Through language, invisible concepts are made concrete. In addressing the variety of forms these activities take and their ramifications, this talk draws inspiration from Monique Wittig’s essay “The Straight Mind” (1978), and Lygia Clark’s radical relational work Baba Antropofagica [Cannibalistic Drool] (1973), among others. Concepts such as "inside and outside,” "self and other,” and “political and personal,”—so often viewed through oppositional or binary lenses—are here considered as boundless and contiguous. As an engagement with language, this talk becomes an opportunity to test and evaluate communication strategies.

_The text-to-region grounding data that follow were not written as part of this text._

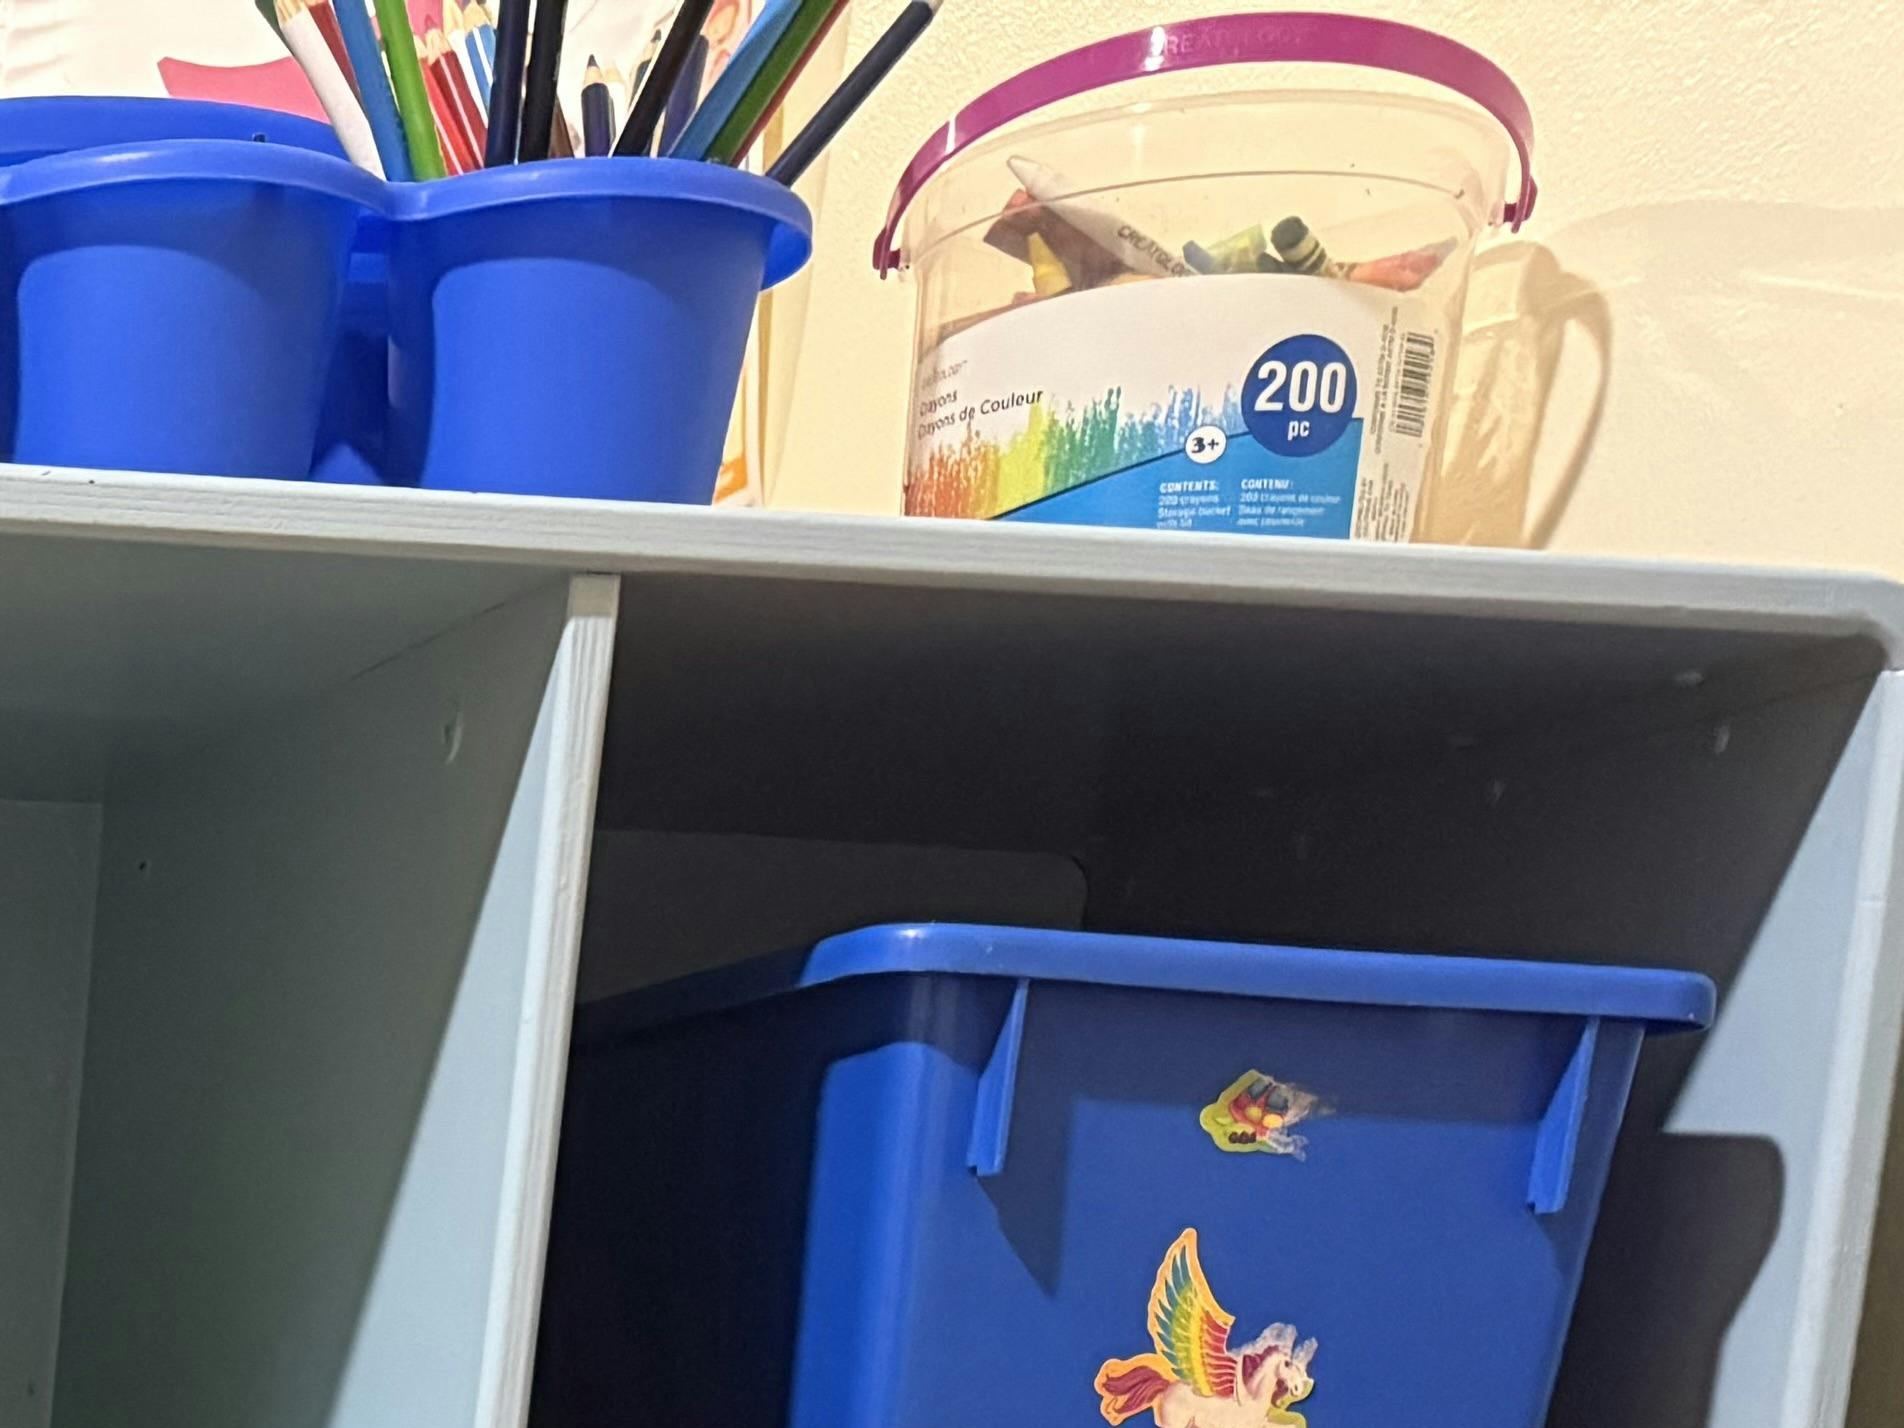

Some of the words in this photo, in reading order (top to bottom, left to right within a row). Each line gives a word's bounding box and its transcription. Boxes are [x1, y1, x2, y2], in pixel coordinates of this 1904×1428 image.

[1254, 360, 1347, 413] 200
[959, 405, 975, 422] de
[980, 390, 1044, 415] Couleur
[1287, 420, 1310, 441] pc
[1191, 436, 1220, 454] 3+
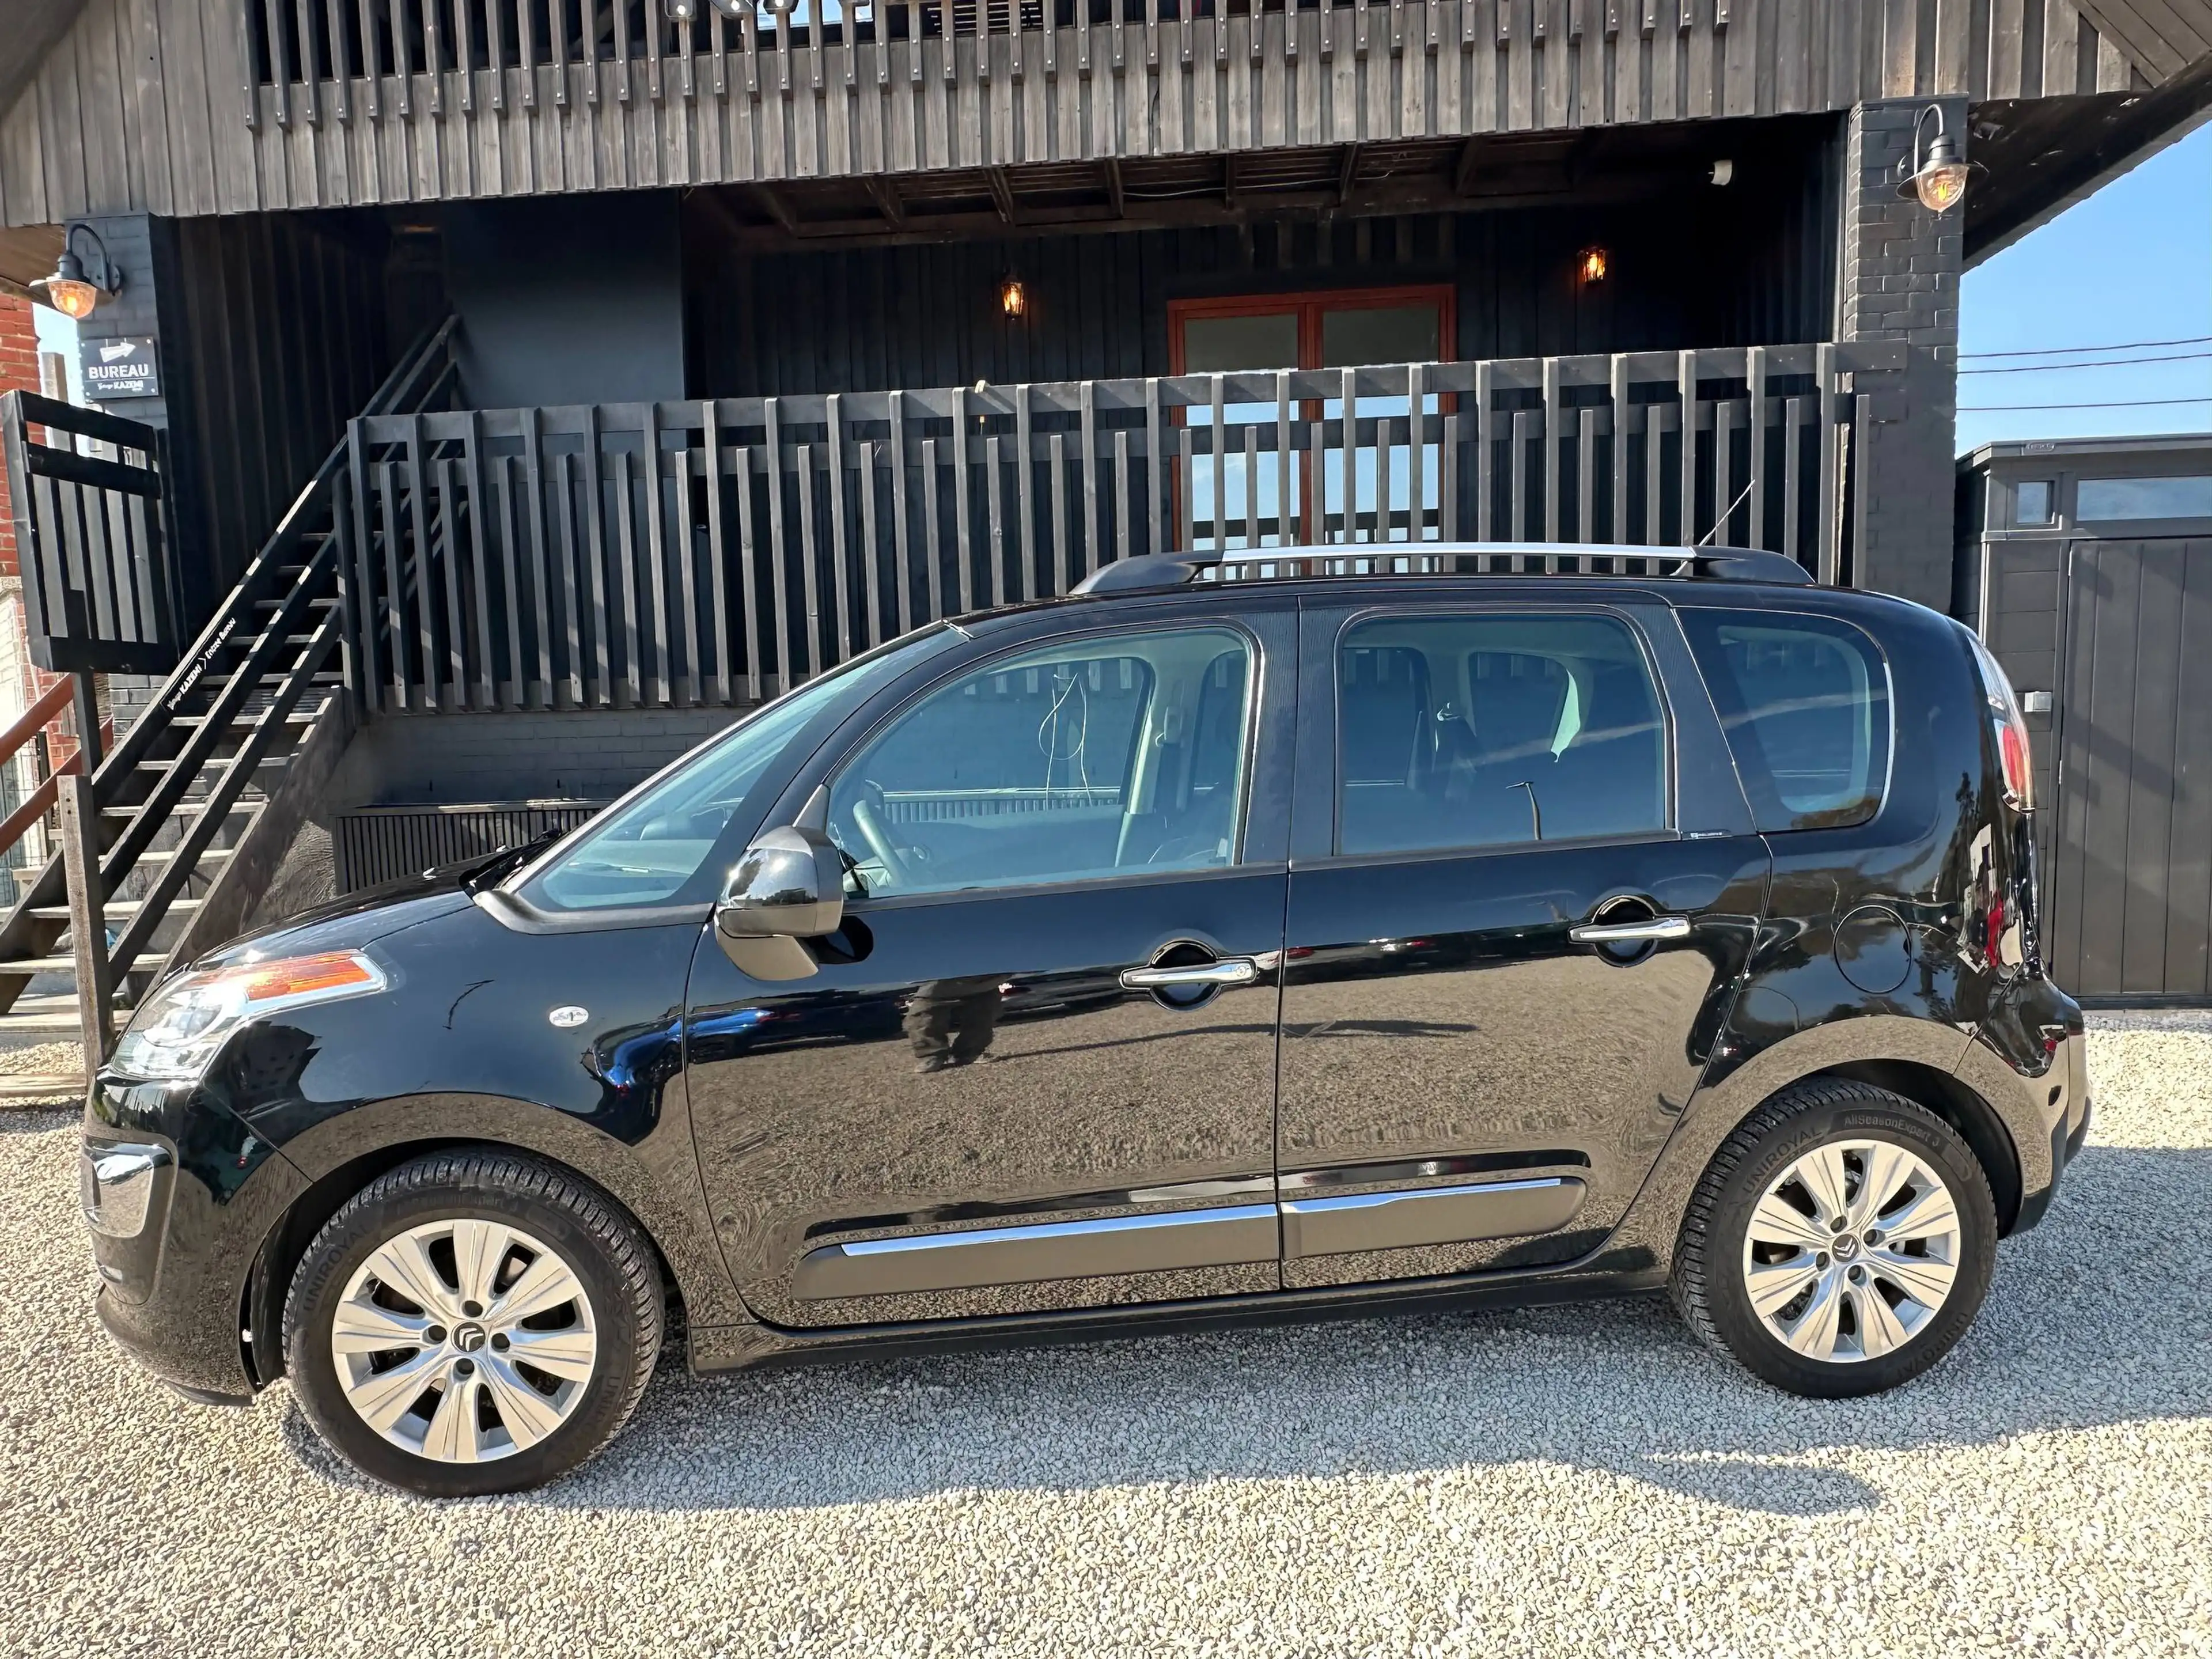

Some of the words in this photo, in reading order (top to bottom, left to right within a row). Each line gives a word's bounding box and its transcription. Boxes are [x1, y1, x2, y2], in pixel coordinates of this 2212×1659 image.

[89, 363, 149, 379] BUREAU
[1743, 1127, 1823, 1194] UNIROYAL
[302, 1224, 369, 1311] UNIROYAL
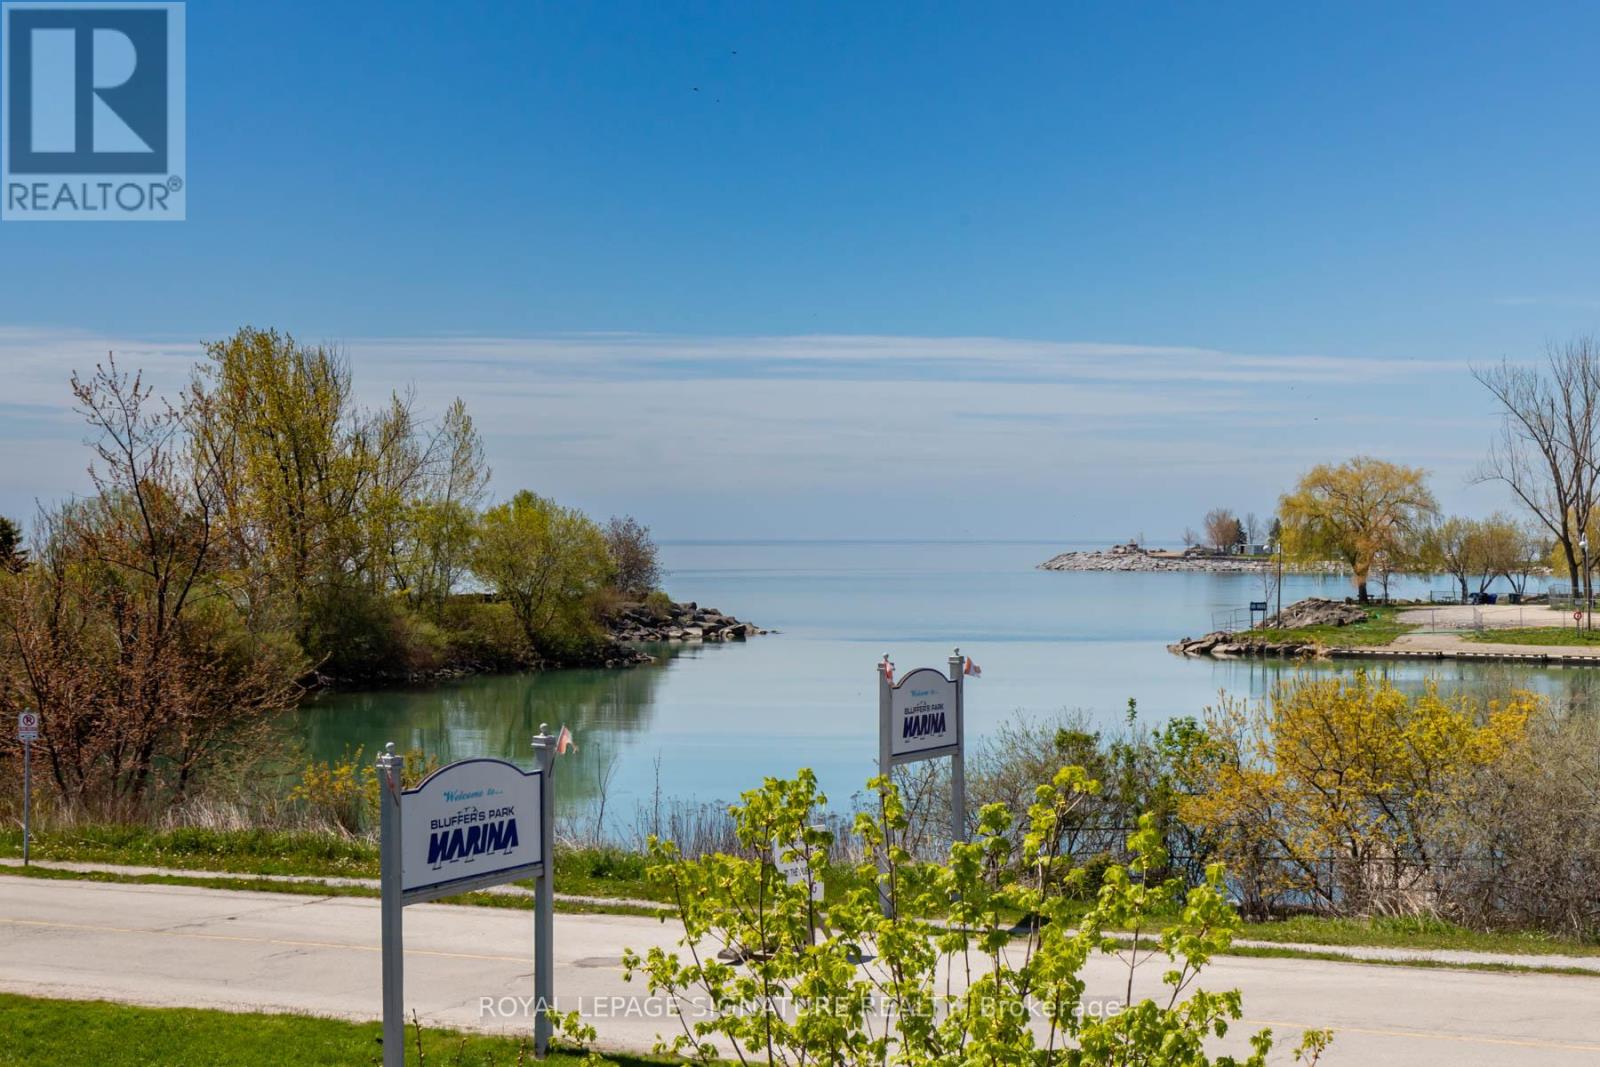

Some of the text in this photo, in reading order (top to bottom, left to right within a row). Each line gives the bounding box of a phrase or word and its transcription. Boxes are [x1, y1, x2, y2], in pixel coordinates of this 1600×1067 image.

[903, 711, 946, 739] MARINA
[443, 788, 484, 803] Welcome
[488, 805, 515, 819] PARK
[427, 818, 519, 865] MARINA

Dean Daderko is the Curator at the Contemporary Arts Museum Houston (CAMH), in Texas. His recent exhibition Double Life (2015)—with works by Jérôme Bel, Wu Tsang, and Haegue Yang—explored performance without live bodies and blurred boundaries between staged narratives and real life encounters. Parallel Practices: Joan Jonas & Gina Pane (2013) considered commonalities and divergences in the work of two foundational performance and multimedia artists working respectively in New York and Paris. The exhibition LaToya Ruby Frazier: WITNESS (2013) is, to quote the artist, "the story of the rise of globalization and the decline of manufacturing as told through the bodies of three generations of African American women." WITNESS traveled to the ICA/Boston. As an independent curator, Daderko has presented exhibitions at Artists' Space, Art in General, EFA Project Space, and The Kitchen in New York, Vox Populi in Philadelphia, and the Contemporary Arts Center in Vilnius, Lithuania. Daderko has taught and lectured at the Centro de Investigaciones Artisticas in Buenos Aires, Argentina; Cooper Union in New York, and led the graduate seminar Queer Strategies at Yale University's School of the Arts, among others. His writing has been published by CAMH, the Americas' Society, Art in America, the Studio Museum in Harlem, Rutgers University, and Terremoto. He was the recipient of a 2008-09 Curatorial Research Fellowship from the French American Cultural Exchange that took him to Paris for three months to conduct research on Gina Pane, and in 2008 he was the Curator of the Americas In- Residence at the Fonderie Darling in Montréal, Quebec, Canada. He is currently preparing solo exhibitions with the artists MPA and Paul Ramirez Jonas.
This art action is part of Writing Bodies, on view September 9 - October 10, 2015 at EFA Project Space.